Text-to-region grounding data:
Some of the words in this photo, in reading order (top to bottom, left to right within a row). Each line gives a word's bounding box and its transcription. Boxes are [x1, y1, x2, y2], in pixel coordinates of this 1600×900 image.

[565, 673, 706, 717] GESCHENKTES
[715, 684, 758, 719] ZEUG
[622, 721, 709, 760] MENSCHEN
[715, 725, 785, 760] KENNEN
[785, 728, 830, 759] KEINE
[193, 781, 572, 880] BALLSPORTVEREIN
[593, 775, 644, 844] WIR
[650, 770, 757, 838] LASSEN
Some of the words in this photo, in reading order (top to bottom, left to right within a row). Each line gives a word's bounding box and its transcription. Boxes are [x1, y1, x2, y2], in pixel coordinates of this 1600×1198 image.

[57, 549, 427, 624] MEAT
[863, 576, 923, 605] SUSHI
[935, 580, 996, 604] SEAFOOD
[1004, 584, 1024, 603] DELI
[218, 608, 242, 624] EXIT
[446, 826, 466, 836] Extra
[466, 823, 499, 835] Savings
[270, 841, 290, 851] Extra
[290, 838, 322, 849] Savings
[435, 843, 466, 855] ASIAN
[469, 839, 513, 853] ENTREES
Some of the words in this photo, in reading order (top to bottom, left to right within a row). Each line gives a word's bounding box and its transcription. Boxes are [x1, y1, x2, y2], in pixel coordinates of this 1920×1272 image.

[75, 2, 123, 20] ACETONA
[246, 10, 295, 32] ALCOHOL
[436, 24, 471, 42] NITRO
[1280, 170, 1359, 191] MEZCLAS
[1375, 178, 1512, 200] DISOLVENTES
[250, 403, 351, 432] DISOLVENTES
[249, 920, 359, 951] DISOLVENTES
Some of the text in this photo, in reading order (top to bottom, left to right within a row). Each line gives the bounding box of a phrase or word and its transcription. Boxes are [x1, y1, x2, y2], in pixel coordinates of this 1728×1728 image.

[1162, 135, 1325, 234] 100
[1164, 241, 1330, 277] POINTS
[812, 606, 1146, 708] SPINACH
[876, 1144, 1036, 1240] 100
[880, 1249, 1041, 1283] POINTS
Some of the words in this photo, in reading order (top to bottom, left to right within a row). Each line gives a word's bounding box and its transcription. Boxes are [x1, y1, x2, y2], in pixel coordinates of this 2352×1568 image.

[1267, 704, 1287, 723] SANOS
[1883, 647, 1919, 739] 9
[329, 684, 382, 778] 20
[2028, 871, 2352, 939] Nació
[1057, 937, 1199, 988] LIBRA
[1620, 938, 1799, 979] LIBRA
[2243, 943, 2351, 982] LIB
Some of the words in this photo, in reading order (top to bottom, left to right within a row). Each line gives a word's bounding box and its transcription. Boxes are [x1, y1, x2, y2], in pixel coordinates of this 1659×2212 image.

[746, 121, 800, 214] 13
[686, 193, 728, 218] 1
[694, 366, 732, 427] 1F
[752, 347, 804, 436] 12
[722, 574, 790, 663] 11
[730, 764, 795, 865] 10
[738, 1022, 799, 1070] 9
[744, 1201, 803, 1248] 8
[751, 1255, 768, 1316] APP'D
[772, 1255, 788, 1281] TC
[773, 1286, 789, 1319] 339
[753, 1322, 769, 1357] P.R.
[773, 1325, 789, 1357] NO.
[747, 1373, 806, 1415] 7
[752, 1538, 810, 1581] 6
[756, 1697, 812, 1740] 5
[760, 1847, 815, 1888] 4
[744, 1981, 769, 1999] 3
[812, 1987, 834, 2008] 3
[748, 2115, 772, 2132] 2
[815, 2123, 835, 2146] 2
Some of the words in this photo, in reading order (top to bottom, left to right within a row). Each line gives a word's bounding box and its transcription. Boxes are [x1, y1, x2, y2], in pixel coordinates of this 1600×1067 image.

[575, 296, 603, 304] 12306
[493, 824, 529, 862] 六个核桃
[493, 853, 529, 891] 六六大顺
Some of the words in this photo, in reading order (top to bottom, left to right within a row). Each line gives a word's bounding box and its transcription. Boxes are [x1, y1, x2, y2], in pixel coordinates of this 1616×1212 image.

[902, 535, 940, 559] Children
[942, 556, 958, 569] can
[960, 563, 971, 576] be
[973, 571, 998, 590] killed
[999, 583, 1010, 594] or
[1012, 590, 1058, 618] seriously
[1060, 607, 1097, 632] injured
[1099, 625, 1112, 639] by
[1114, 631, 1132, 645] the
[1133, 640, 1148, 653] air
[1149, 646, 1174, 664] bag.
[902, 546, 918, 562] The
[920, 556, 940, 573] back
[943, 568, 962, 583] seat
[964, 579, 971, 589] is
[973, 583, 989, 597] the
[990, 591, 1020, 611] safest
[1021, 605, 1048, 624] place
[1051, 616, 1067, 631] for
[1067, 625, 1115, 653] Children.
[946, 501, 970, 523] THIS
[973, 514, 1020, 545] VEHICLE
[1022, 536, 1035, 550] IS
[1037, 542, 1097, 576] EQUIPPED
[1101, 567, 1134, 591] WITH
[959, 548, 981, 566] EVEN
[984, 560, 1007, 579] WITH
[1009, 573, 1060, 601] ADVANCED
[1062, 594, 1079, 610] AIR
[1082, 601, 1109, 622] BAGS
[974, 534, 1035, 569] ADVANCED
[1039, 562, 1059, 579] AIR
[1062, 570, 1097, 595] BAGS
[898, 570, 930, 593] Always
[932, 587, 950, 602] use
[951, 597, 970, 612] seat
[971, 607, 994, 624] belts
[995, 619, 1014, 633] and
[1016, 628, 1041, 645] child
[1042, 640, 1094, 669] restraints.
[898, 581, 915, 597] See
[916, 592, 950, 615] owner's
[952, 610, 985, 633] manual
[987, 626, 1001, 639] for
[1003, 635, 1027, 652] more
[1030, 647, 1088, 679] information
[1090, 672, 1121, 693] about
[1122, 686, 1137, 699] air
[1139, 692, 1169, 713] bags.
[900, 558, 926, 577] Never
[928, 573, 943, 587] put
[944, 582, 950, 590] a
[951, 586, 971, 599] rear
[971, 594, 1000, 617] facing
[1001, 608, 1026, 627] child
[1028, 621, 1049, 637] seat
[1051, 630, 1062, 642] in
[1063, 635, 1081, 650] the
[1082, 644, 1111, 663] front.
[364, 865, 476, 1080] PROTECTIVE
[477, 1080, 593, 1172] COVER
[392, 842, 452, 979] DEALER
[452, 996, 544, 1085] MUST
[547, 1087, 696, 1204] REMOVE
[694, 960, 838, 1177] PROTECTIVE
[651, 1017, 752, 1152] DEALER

**ASSIGNMENT**
Retype every entry above, word for word.

**SOLUTION TO THIS PROBLEM**
Some of the words in this photo, in reading order (top to bottom, left to right within a row). Each line gives a word's bounding box and its transcription. Boxes are [x1, y1, x2, y2], in pixel coordinates of this 1600×900 image.

[565, 673, 706, 717] GESCHENKTES
[715, 684, 758, 719] ZEUG
[622, 721, 709, 760] MENSCHEN
[715, 725, 785, 760] KENNEN
[785, 728, 830, 759] KEINE
[193, 781, 572, 880] BALLSPORTVEREIN
[593, 775, 644, 844] WIR
[650, 770, 757, 838] LASSEN
Some of the words in this photo, in reading order (top to bottom, left to right within a row). Each line gives a word's bounding box and its transcription. Boxes are [x1, y1, x2, y2], in pixel coordinates of this 1600×1198 image.

[57, 549, 427, 624] MEAT
[863, 576, 923, 605] SUSHI
[935, 580, 996, 604] SEAFOOD
[1004, 584, 1024, 603] DELI
[218, 608, 242, 624] EXIT
[446, 826, 466, 836] Extra
[466, 823, 499, 835] Savings
[270, 841, 290, 851] Extra
[290, 838, 322, 849] Savings
[435, 843, 466, 855] ASIAN
[469, 839, 513, 853] ENTREES
Some of the words in this photo, in reading order (top to bottom, left to right within a row). Each line gives a word's bounding box and its transcription. Boxes are [x1, y1, x2, y2], in pixel coordinates of this 1920×1272 image.

[75, 2, 123, 20] ACETONA
[246, 10, 295, 32] ALCOHOL
[436, 24, 471, 42] NITRO
[1280, 170, 1359, 191] MEZCLAS
[1375, 178, 1512, 200] DISOLVENTES
[250, 403, 351, 432] DISOLVENTES
[249, 920, 359, 951] DISOLVENTES
Some of the text in this photo, in reading order (top to bottom, left to right within a row). Each line gives the bounding box of a phrase or word and its transcription. Boxes are [x1, y1, x2, y2], in pixel coordinates of this 1728×1728 image.

[1162, 135, 1325, 234] 100
[1164, 241, 1330, 277] POINTS
[812, 606, 1146, 708] SPINACH
[876, 1144, 1036, 1240] 100
[880, 1249, 1041, 1283] POINTS
Some of the words in this photo, in reading order (top to bottom, left to right within a row). Each line gives a word's bounding box and its transcription. Boxes are [x1, y1, x2, y2], in pixel coordinates of this 2352×1568 image.

[1267, 704, 1287, 723] SANOS
[1883, 647, 1919, 739] 9
[329, 684, 382, 778] 20
[2028, 871, 2352, 939] Nació
[1057, 937, 1199, 988] LIBRA
[1620, 938, 1799, 979] LIBRA
[2243, 943, 2351, 982] LIB
Some of the words in this photo, in reading order (top to bottom, left to right within a row). Each line gives a word's bounding box and its transcription. Boxes are [x1, y1, x2, y2], in pixel coordinates of this 1659×2212 image.

[746, 121, 800, 214] 13
[686, 193, 728, 218] 1
[694, 366, 732, 427] 1F
[752, 347, 804, 436] 12
[722, 574, 790, 663] 11
[730, 764, 795, 865] 10
[738, 1022, 799, 1070] 9
[744, 1201, 803, 1248] 8
[751, 1255, 768, 1316] APP'D
[772, 1255, 788, 1281] TC
[773, 1286, 789, 1319] 339
[753, 1322, 769, 1357] P.R.
[773, 1325, 789, 1357] NO.
[747, 1373, 806, 1415] 7
[752, 1538, 810, 1581] 6
[756, 1697, 812, 1740] 5
[760, 1847, 815, 1888] 4
[744, 1981, 769, 1999] 3
[812, 1987, 834, 2008] 3
[748, 2115, 772, 2132] 2
[815, 2123, 835, 2146] 2
Some of the words in this photo, in reading order (top to bottom, left to right within a row). Each line gives a word's bounding box and its transcription. Boxes are [x1, y1, x2, y2], in pixel coordinates of this 1600×1067 image.

[575, 296, 603, 304] 12306
[493, 824, 529, 862] 六个核桃
[493, 853, 529, 891] 六六大顺
Some of the words in this photo, in reading order (top to bottom, left to right within a row). Each line gives a word's bounding box and its transcription. Boxes are [x1, y1, x2, y2], in pixel coordinates of this 1616×1212 image.

[902, 535, 940, 559] Children
[942, 556, 958, 569] can
[960, 563, 971, 576] be
[973, 571, 998, 590] killed
[999, 583, 1010, 594] or
[1012, 590, 1058, 618] seriously
[1060, 607, 1097, 632] injured
[1099, 625, 1112, 639] by
[1114, 631, 1132, 645] the
[1133, 640, 1148, 653] air
[1149, 646, 1174, 664] bag.
[902, 546, 918, 562] The
[920, 556, 940, 573] back
[943, 568, 962, 583] seat
[964, 579, 971, 589] is
[973, 583, 989, 597] the
[990, 591, 1020, 611] safest
[1021, 605, 1048, 624] place
[1051, 616, 1067, 631] for
[1067, 625, 1115, 653] Children.
[946, 501, 970, 523] THIS
[973, 514, 1020, 545] VEHICLE
[1022, 536, 1035, 550] IS
[1037, 542, 1097, 576] EQUIPPED
[1101, 567, 1134, 591] WITH
[959, 548, 981, 566] EVEN
[984, 560, 1007, 579] WITH
[1009, 573, 1060, 601] ADVANCED
[1062, 594, 1079, 610] AIR
[1082, 601, 1109, 622] BAGS
[974, 534, 1035, 569] ADVANCED
[1039, 562, 1059, 579] AIR
[1062, 570, 1097, 595] BAGS
[898, 570, 930, 593] Always
[932, 587, 950, 602] use
[951, 597, 970, 612] seat
[971, 607, 994, 624] belts
[995, 619, 1014, 633] and
[1016, 628, 1041, 645] child
[1042, 640, 1094, 669] restraints.
[898, 581, 915, 597] See
[916, 592, 950, 615] owner's
[952, 610, 985, 633] manual
[987, 626, 1001, 639] for
[1003, 635, 1027, 652] more
[1030, 647, 1088, 679] information
[1090, 672, 1121, 693] about
[1122, 686, 1137, 699] air
[1139, 692, 1169, 713] bags.
[900, 558, 926, 577] Never
[928, 573, 943, 587] put
[944, 582, 950, 590] a
[951, 586, 971, 599] rear
[971, 594, 1000, 617] facing
[1001, 608, 1026, 627] child
[1028, 621, 1049, 637] seat
[1051, 630, 1062, 642] in
[1063, 635, 1081, 650] the
[1082, 644, 1111, 663] front.
[364, 865, 476, 1080] PROTECTIVE
[477, 1080, 593, 1172] COVER
[392, 842, 452, 979] DEALER
[452, 996, 544, 1085] MUST
[547, 1087, 696, 1204] REMOVE
[694, 960, 838, 1177] PROTECTIVE
[651, 1017, 752, 1152] DEALER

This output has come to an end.